Friday, November 2, at 327 Yost
Freshments: 3:30-4:00 p.m,
Talk: 4:00 - 5:00 p.m.
Statistical analysis of data typically consists of two stages: (1) the
building of a model for the data (2) formal, mathematical-probabilistic
inferences conditional on the model. In stage (1), we make model
inferences: specifications of systematic and haphazard variation in the
data. Model building is complex because it requires combining information
from two sources: (1) external --- information from sources external to the
data such as subject matter theory and other sets of data, and (2) data ---
information that arises from studying the data. A vast array of methods of
analysis contribute in practice to the model building process: chi^2-tests,
normal quantile plots, regression residual analysis, etc. Often, the model
building phase of a data analysis is the salient part of the analysis and
the mathematical-probabilistic phase is routine. But the situation is
reversed for the theory of statistics.

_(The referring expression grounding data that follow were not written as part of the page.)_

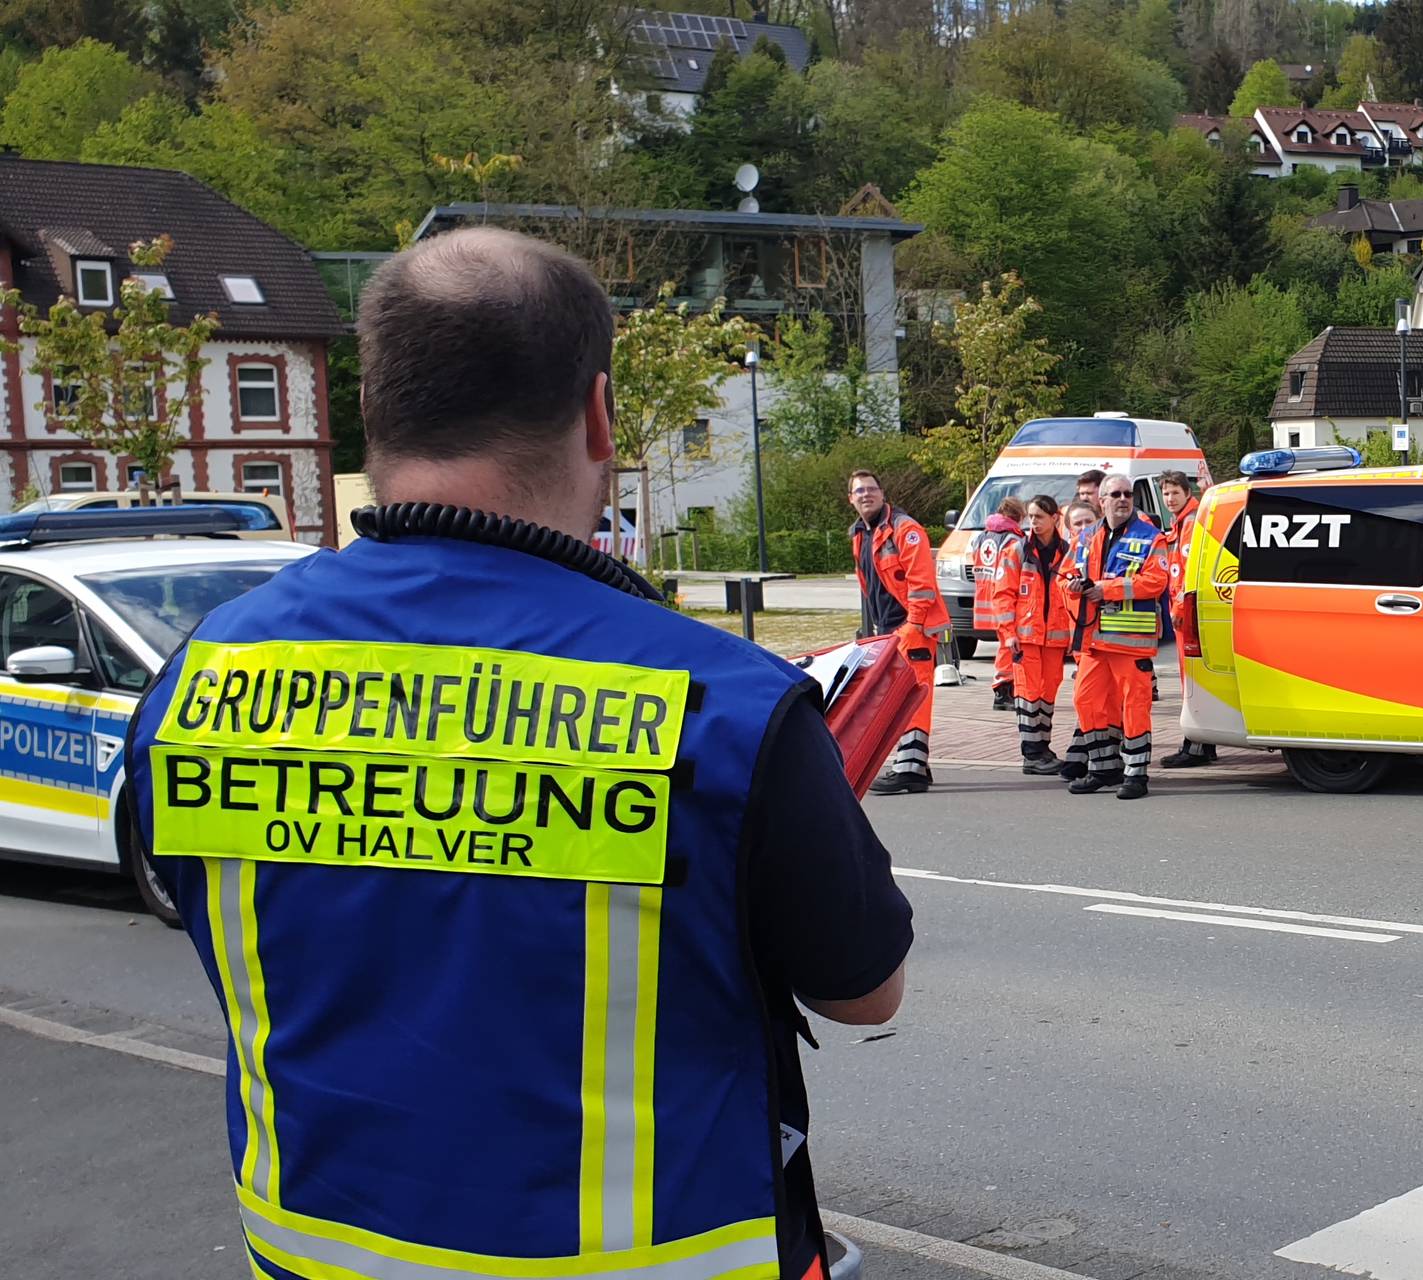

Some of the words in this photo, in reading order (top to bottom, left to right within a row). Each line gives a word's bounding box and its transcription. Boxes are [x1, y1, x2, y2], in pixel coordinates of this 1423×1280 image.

[1242, 514, 1351, 548] ARZT
[176, 662, 668, 756] GRUPPENFÜHRER
[0, 720, 92, 767] POLIZEI
[165, 754, 658, 834] BETREUUNG
[265, 819, 321, 854] OV
[337, 823, 534, 867] HALVER
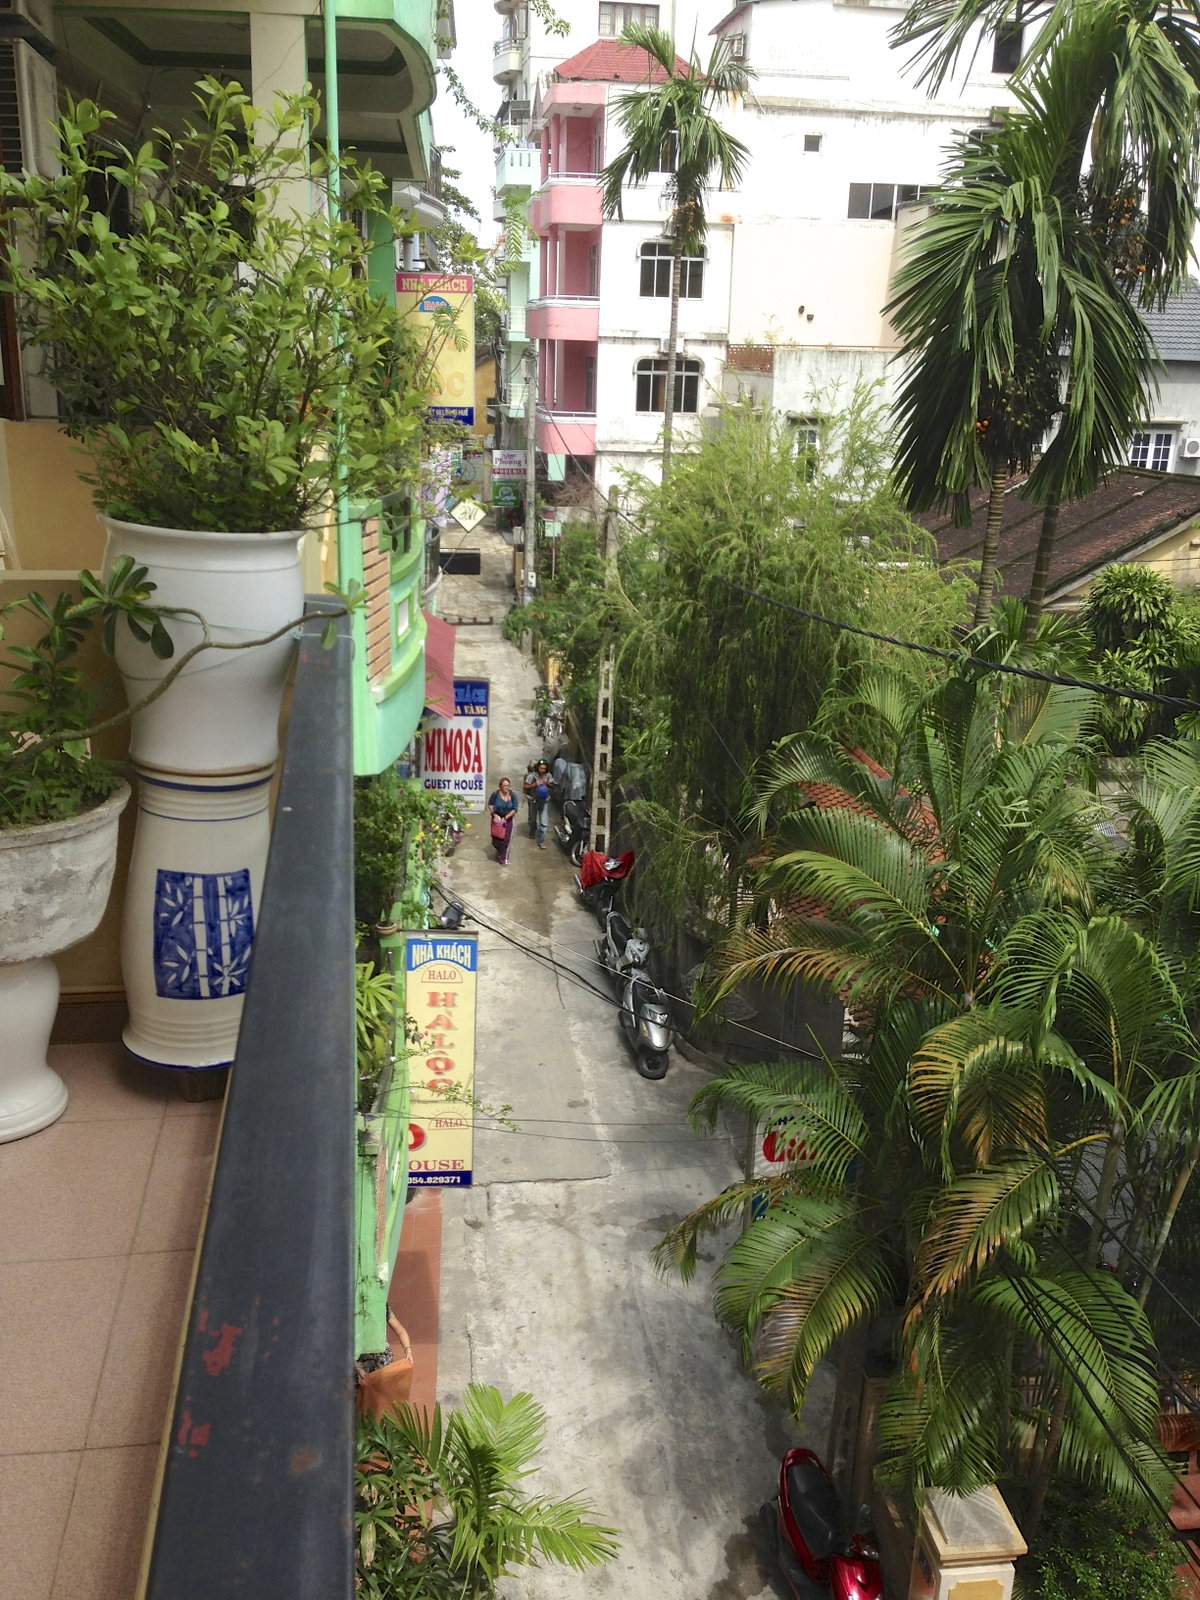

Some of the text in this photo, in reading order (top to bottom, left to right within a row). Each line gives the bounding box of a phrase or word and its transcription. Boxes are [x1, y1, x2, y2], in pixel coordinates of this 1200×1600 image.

[463, 703, 487, 714] VÀNG
[424, 728, 483, 773] MIMOSA
[424, 778, 484, 791] GUEST HOUSE
[412, 941, 471, 969] NHÀ KHÁCH
[428, 970, 457, 980] HALO
[435, 1118, 463, 1128] HALO
[408, 1159, 464, 1171] OUSE

A vast amount of theory exists for
stage (2); in fact, there are not one but two distinct paradigms, Bayesian
and frequentist, and each governs the whole course that theory takes and
results in one are not directly translatable to the other. By contrast
there is almost no theory that governs model specification inference. We
propose a theory for the model building phase of data analysis. The theory
deals with the combination of external and data information in carrying out
model inferences. One key aspect invokes the Savage's principle of stable
estimation. The theory provides a mechanism for assessing model building
methods; for example, the theory explains why visualization methods are
such powerful tools for model building.